The news comes almost exactly one year after Wenger opened the Manhattan location of Totokaelo, a towering space on Soho’s Crosby Street. At the time, the business was profitable and set to generate $17 million in sales in 2015. According to sources, sales are on track to hit $25 million in 2016.
We are making investment not only [in] resources but also capital, which will keep vendors happy, keep the industry happy and keep the stores progressing.
But Wenger, who secured a bank loan to open the New York store, faced serious financial issues after it opened, including failure to meet vendor payments, according to sources familiar with the matter. What's more, the company could no longer afford to hire adequate retail employees for its New York location, or make upgrades to the space.

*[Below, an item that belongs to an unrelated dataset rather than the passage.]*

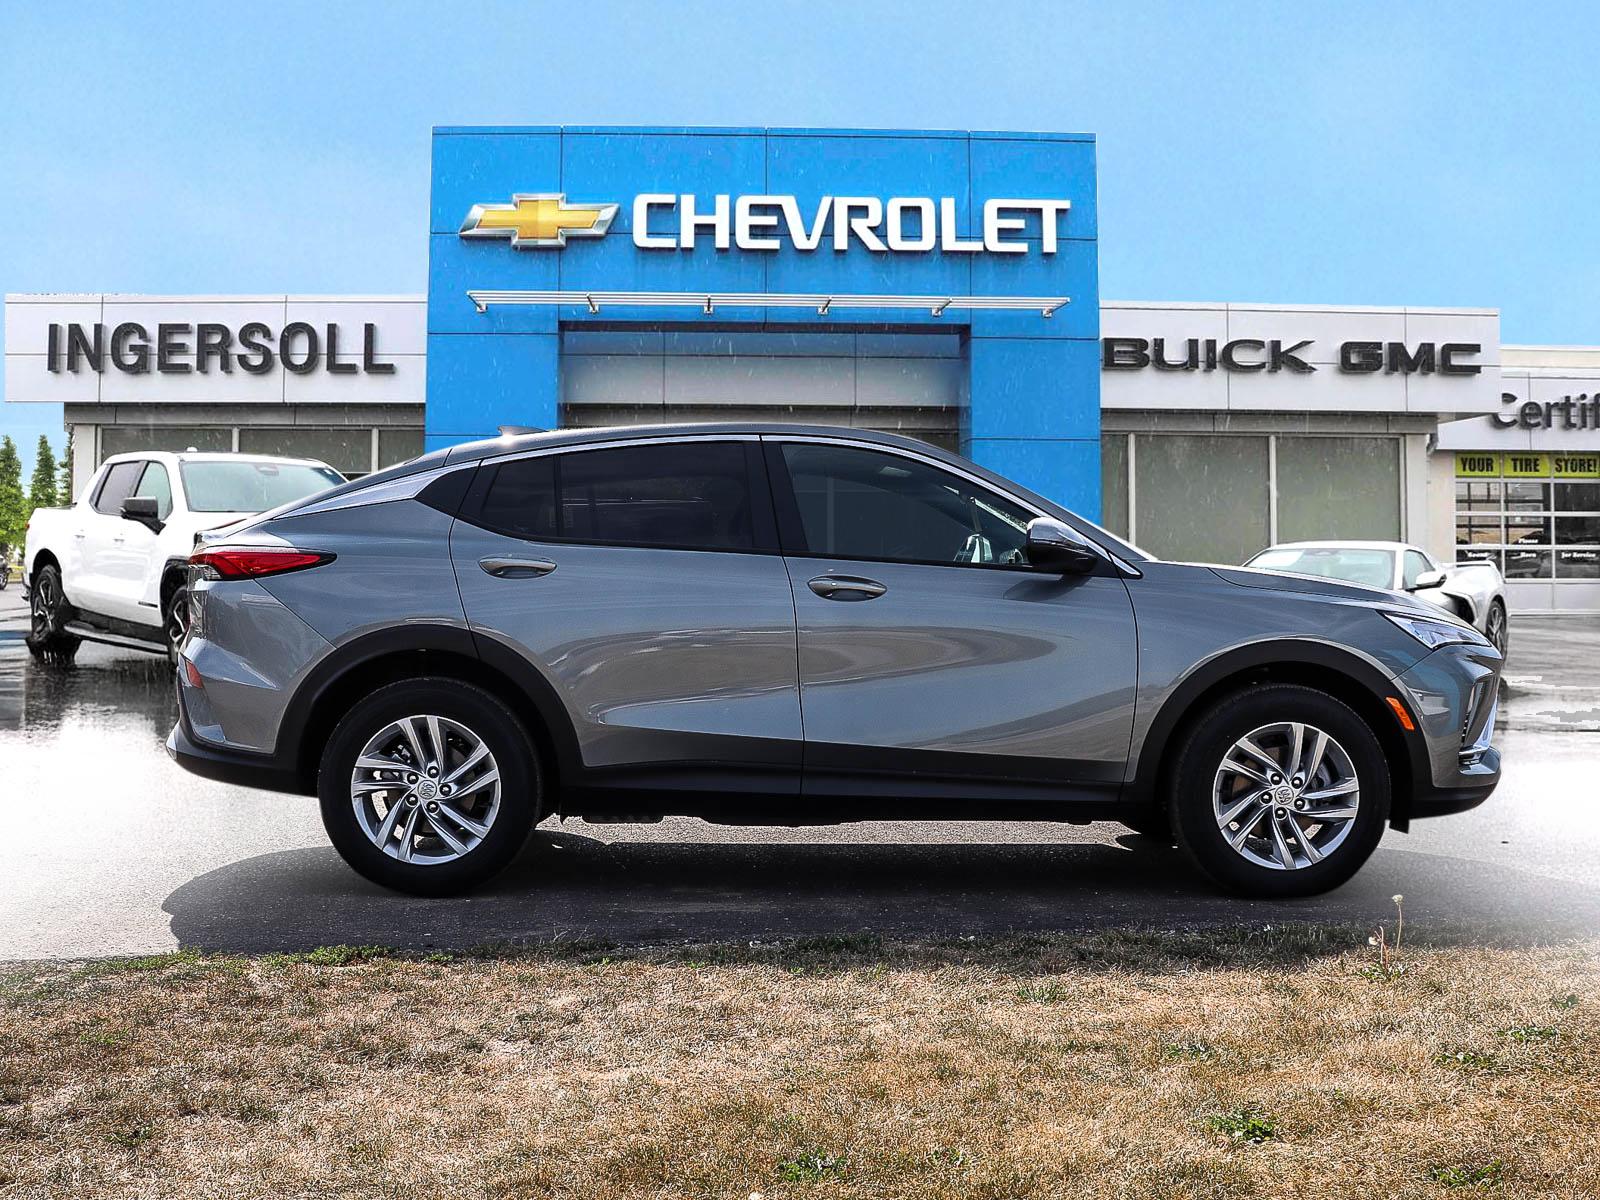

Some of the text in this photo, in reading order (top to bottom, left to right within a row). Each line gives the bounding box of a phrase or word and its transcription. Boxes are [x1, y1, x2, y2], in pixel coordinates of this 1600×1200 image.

[632, 193, 1071, 253] CHEVROLET
[47, 322, 396, 374] INGERSOLL
[1102, 337, 1482, 374] BUICK GMC
[1461, 457, 1597, 473] YOUR TIRE STORE!

The retailer also had to do away with small touches like its signature packaging in order to stay afloat. In January 2016, the average yearly rent for a retail space in Soho was $535 per square foot, which means Wenger could be paying upward of $37,000 a month to rent the building where Totokaelo is located.

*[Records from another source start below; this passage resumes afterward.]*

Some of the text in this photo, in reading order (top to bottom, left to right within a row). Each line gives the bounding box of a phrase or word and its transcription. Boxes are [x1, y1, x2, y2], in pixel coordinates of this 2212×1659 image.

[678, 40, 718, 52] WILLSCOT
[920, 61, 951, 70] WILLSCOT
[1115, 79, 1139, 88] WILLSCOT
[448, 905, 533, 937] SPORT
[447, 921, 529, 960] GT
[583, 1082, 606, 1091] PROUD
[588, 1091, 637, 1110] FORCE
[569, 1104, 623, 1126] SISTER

In her note to vendors, Wenger emphasised that “Totokaelo finally has the financial backing to pay all vendors on time every time.”
“We are making investment not only [by providing operational] resources but also capital, which will keep vendors happy, keep the industry happy and keep the stores looking beautiful and progressing,” adds Cormack. “There are some issues, and we’re fixing them.”

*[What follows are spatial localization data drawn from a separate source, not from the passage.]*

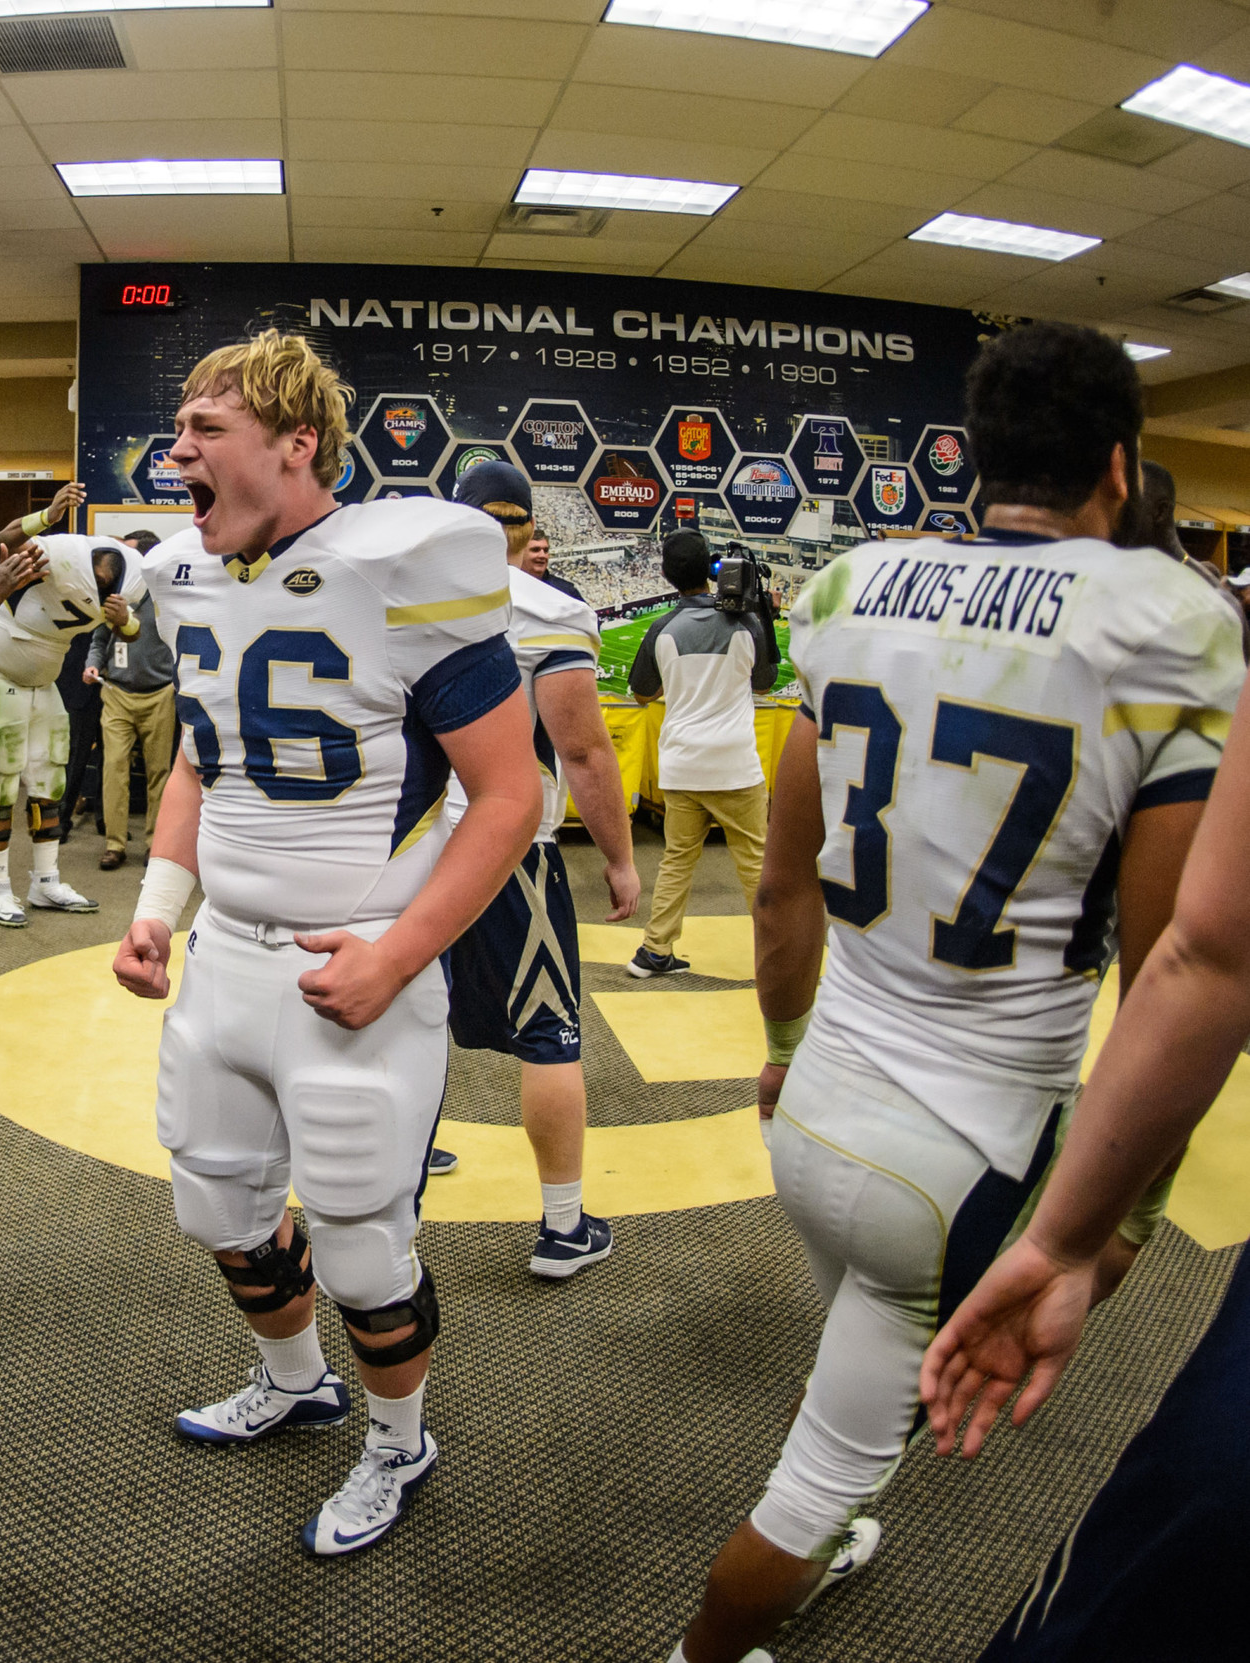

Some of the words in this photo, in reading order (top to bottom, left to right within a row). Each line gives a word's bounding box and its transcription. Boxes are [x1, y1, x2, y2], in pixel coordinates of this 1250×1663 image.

[121, 285, 171, 305] 0:00
[310, 298, 595, 336] NATIONAL
[613, 309, 915, 363] CHAMPIONS
[413, 342, 498, 363] 1917
[535, 347, 617, 370] 1928
[652, 354, 731, 377] 1952
[763, 362, 838, 386] 1990
[384, 419, 427, 430] CHAMPS
[522, 420, 585, 435] COTTON
[680, 426, 709, 439] GATOR
[392, 459, 419, 467] 2004
[817, 477, 840, 485] 1972
[874, 470, 903, 483] FedEx
[600, 485, 655, 501] EMERALD
[732, 482, 796, 499] HUMANITARIAN
[287, 572, 319, 586] ACC
[852, 557, 1079, 638] LANDS-DAVIS
[175, 621, 367, 807] 66
[816, 677, 1082, 976] 37

Cormack said that Herschel is also fully committed to developing Totokaelo's in-house line, which launched last autumn in conjunction with the opening of the New York store, with intentions of tapping its own extensive network of manufacturers and suppliers.
Both the Seattle and New York locations of Totokaelo are set to remain open, with the possibility of more locations in the future. “If there is a space and place to continue to build the story, we certainly would consider it,” Cormack said. “The two stores are so special the next one has to build off of that.”
Wenger declined to comment for this story, although in her note to vendors she seemed enthusiastic about the partnership. It is known that Wenger had been looking for a strategic investor for quite some time, but that she wanted to partner with someone who could take over the operational and finances of the business. “Totokaelo has been the most incredible experience of my life,” she wrote in her note. “The main emotions I feel today are relief and excitement. This marks a new chapter in Totokaelo’s life. And I couldn’t be more pleased.”
Editor's Note: This article was revised on September 26, 2016. A previous version of this article misstated that Herschel Capital Corp. was the investment division of Herschel Supply Co. This is incorrect. Herschel Capital Corp. is the owner of Herschel Supply Co.